Kings Canyons future was in doubt for nearly fifty years, some wanted to build a dam at the western end of the valley, while others wanted to preserve it as a park. The debate was settled in 1965, when the valley, along with Tehipite Valley, was added to the park, Kings Canyon National Park consists of two sections. The parks Giant Sequoia forests are part of 202,430 acres of old-growth forests shared by Sequoia and this section of the park is mostly mixed conifer forest, and is readily accessible via paved highways. Both the South and Middle Forks of the Kings Rivers have extensive glacial canyons, one portion of the South Fork canyon, known as the Kings Canyon, gives the entire park its name. Kings Canyon, with a depth of 8,200 feet, is one of the deepest canyons in the United States. The canyon was carved by glaciers out of granite, the Kings Canyon, and its developed area, Cedar Grove, is the only portion of the main part of the park that is accessible by motor vehicle. Both the Kings Canyon and its Middle Fork twin, Tehipite Valley, are deeply incised, U-shaped glacial gorges with relatively flat floors and towering granite cliffs thousands of feet high.
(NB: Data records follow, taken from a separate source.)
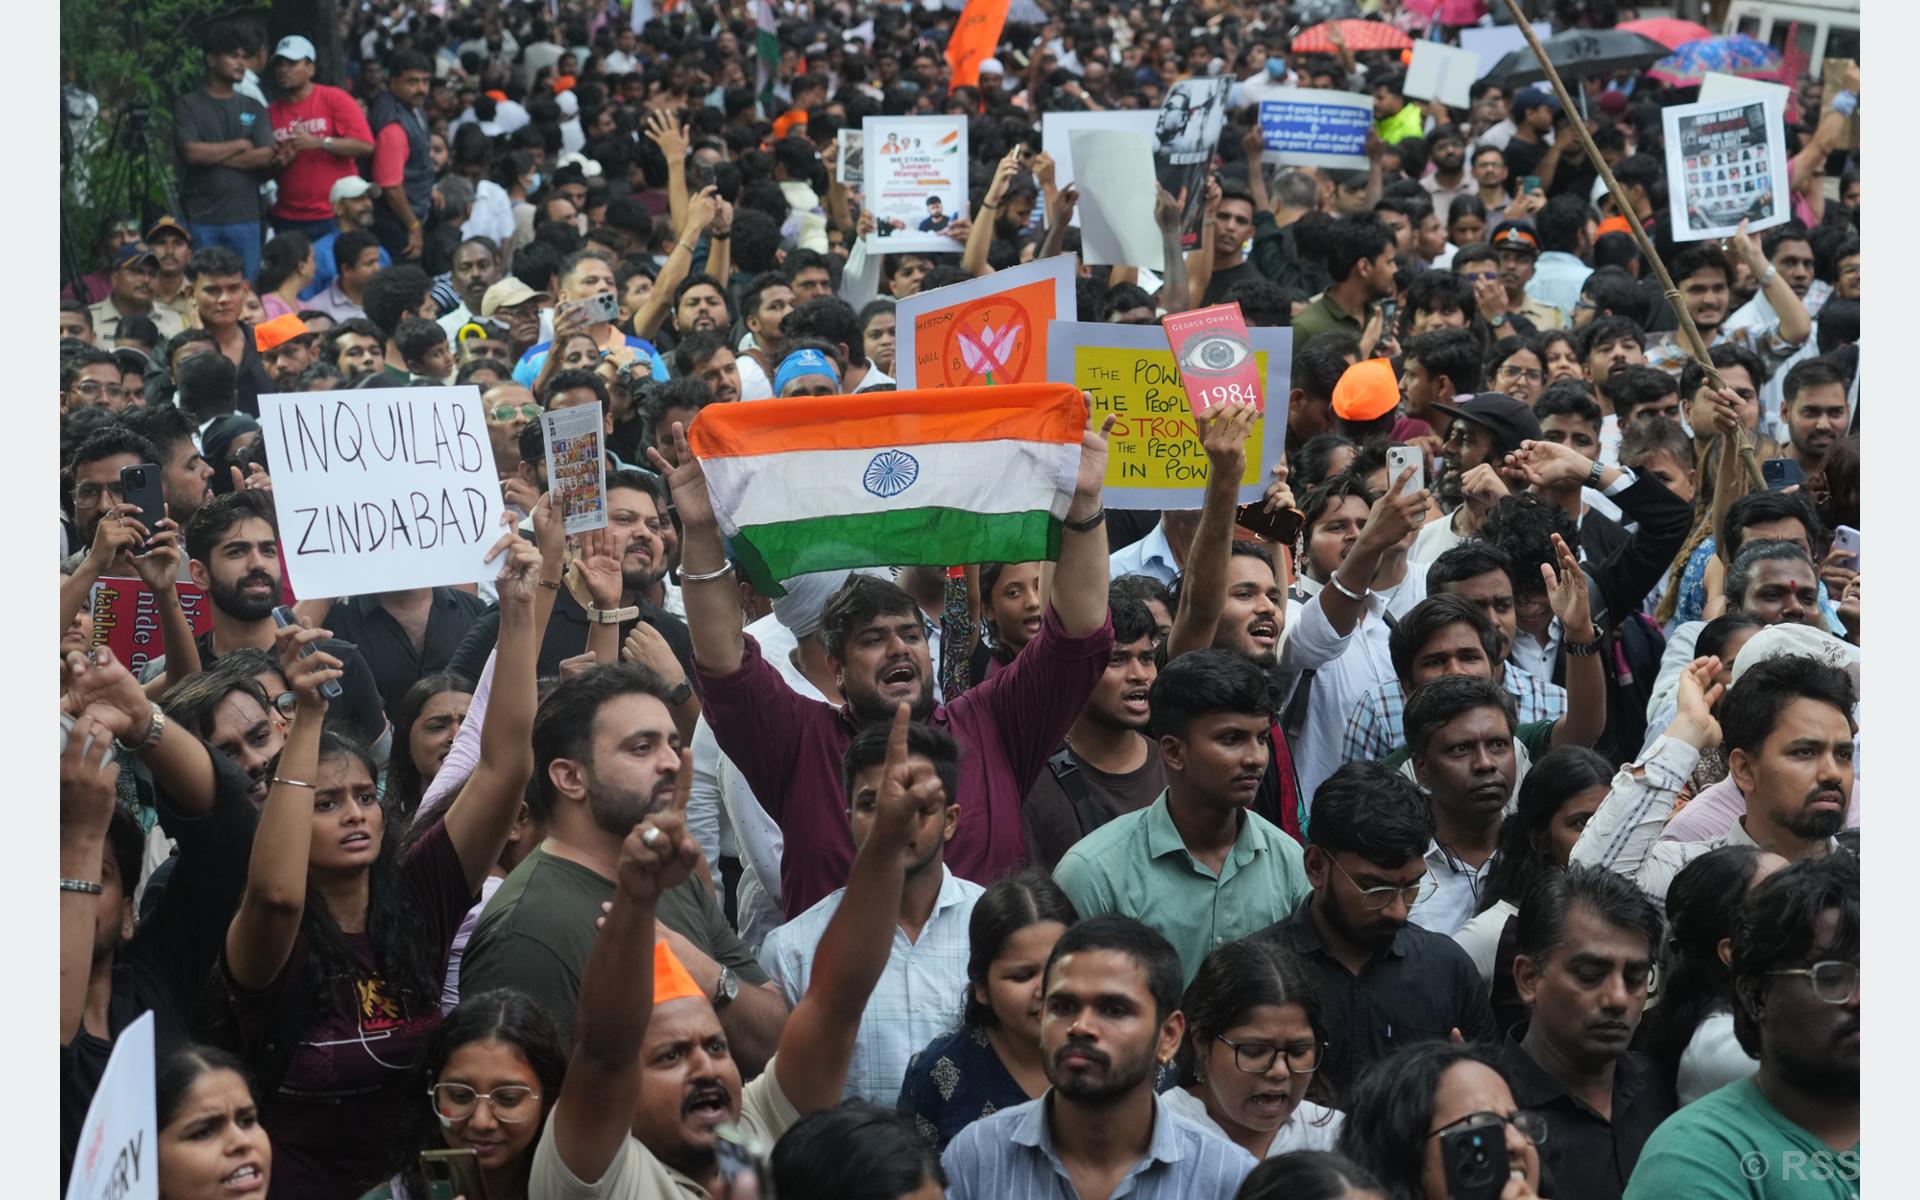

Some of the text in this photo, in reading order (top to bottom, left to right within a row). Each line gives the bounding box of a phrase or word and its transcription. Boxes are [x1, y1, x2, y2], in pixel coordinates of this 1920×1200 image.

[916, 312, 955, 331] HISTORY
[982, 311, 992, 322] J
[1171, 314, 1241, 332] GEORGE ORWELL
[918, 352, 940, 366] WILL
[952, 358, 961, 371] B
[1087, 367, 1121, 381] THE
[1145, 388, 1190, 413] PEOPL
[1198, 383, 1257, 409] 1984
[1110, 413, 1199, 438] STRON
[278, 401, 483, 473] INQUILAB
[1116, 437, 1208, 458] THE PEOPL
[1122, 458, 1208, 481] IN POW
[294, 487, 488, 555] ZINDABAD
[93, 587, 119, 650] failu
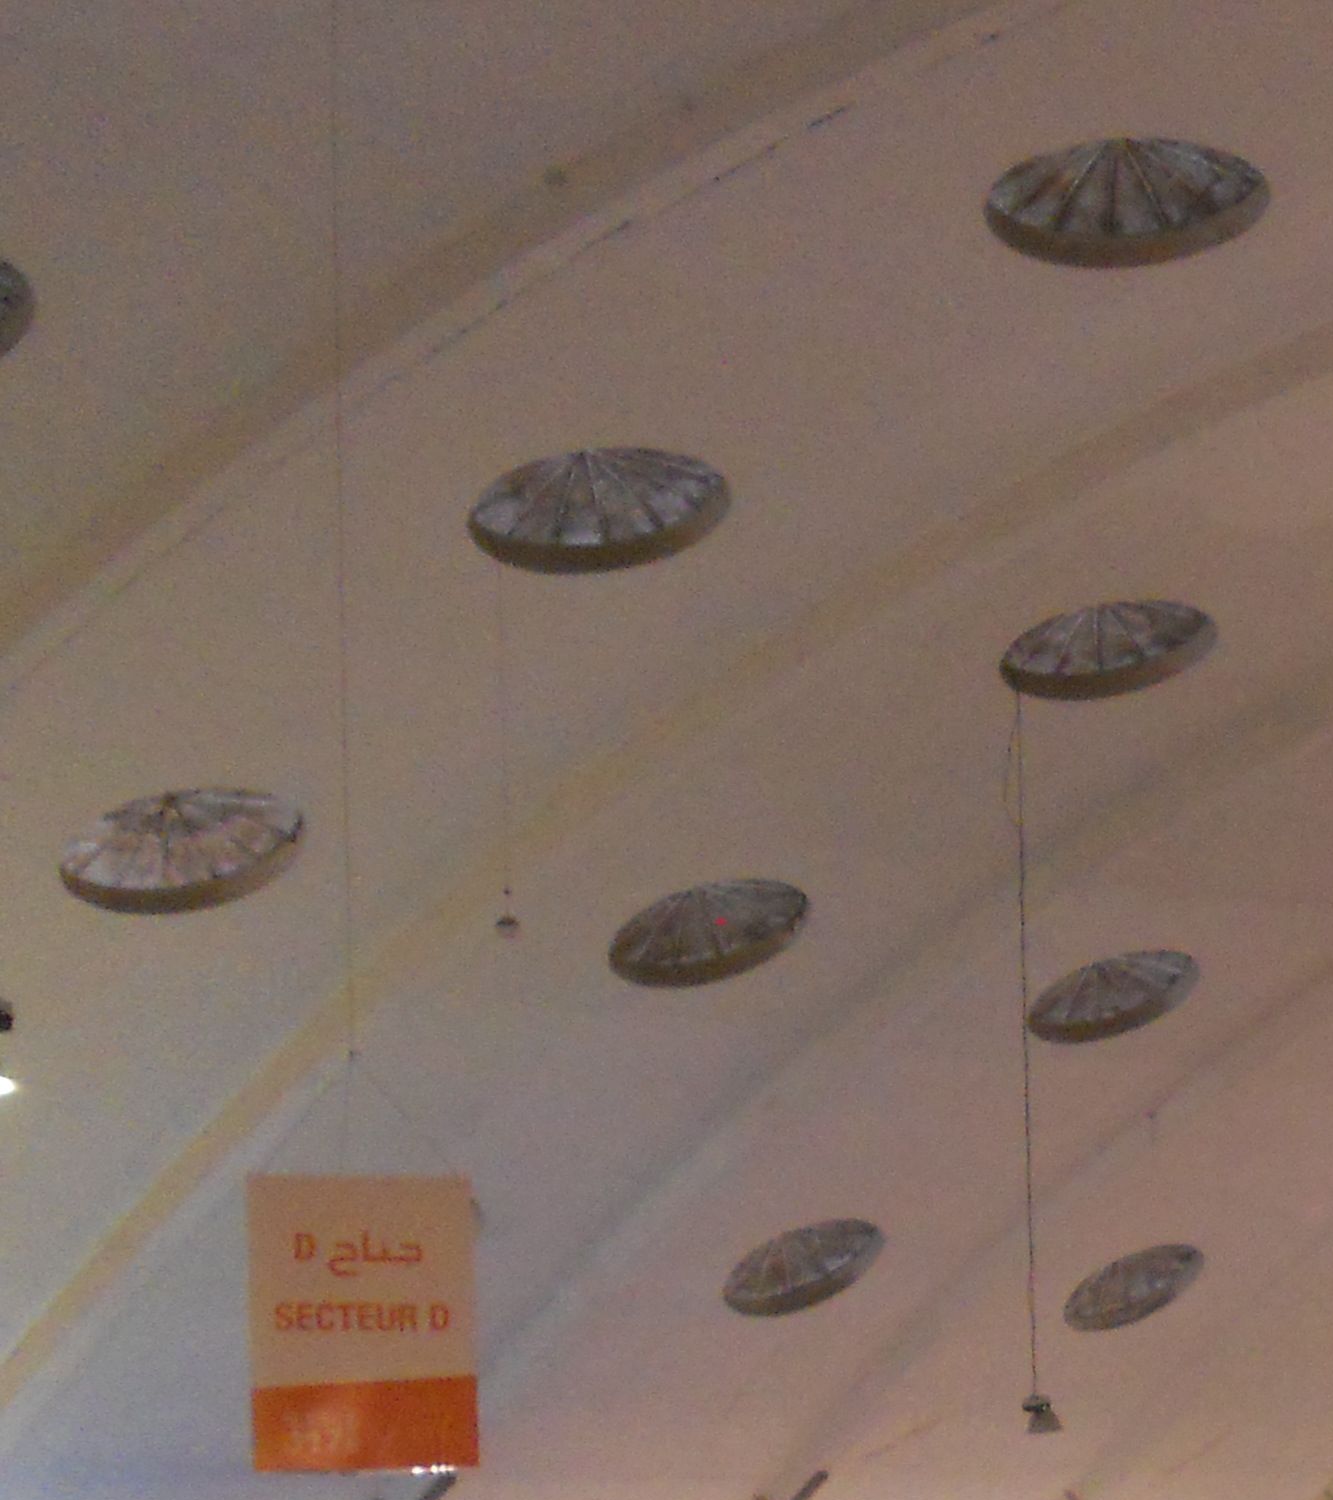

In addition, the canyon has several systems, one of which is Boyden Cave. To the east of the canyons are the peaks of the Sierra Crest, which attain an elevation of 14,248 feet NAVD88 at the summit of North Palisade. This is classic high Sierra country, barren ridges and glacially scoured lake-filled basins
Channel Islands National Park
Channel Islands National Park is a United States national park that consists of five of the eight Channel Islands off the coast of the U. S. state of California, in the Pacific Ocean. Although the islands are close to the shore of densely populated Southern California, the park covers 249,561 acres of which 79,019 acres are owned by the federal government. The Nature Conservancy owns and manages 76% of Santa Cruz Island, Channel Islands National Park is home to a wide variety of significant natural and cultural resources. It was designated a U. S. National Monument on April 26,1938, and it was promoted to a National Park on March 5,1980. Channel Islands National Marine Sanctuary encompasses the waters six nautical miles around Channel Islands National Park, the Channel Islands were originally discovered in 1542 by the explorer Juan Rodríguez Cabrillo. In 1938 the Santa Barbara and Anacapa islands were designated a national monument, San Miguel, Santa Rosa and Santa Cruz islands were combined with the monument in 1980 to form modern-day Channel Islands National Park.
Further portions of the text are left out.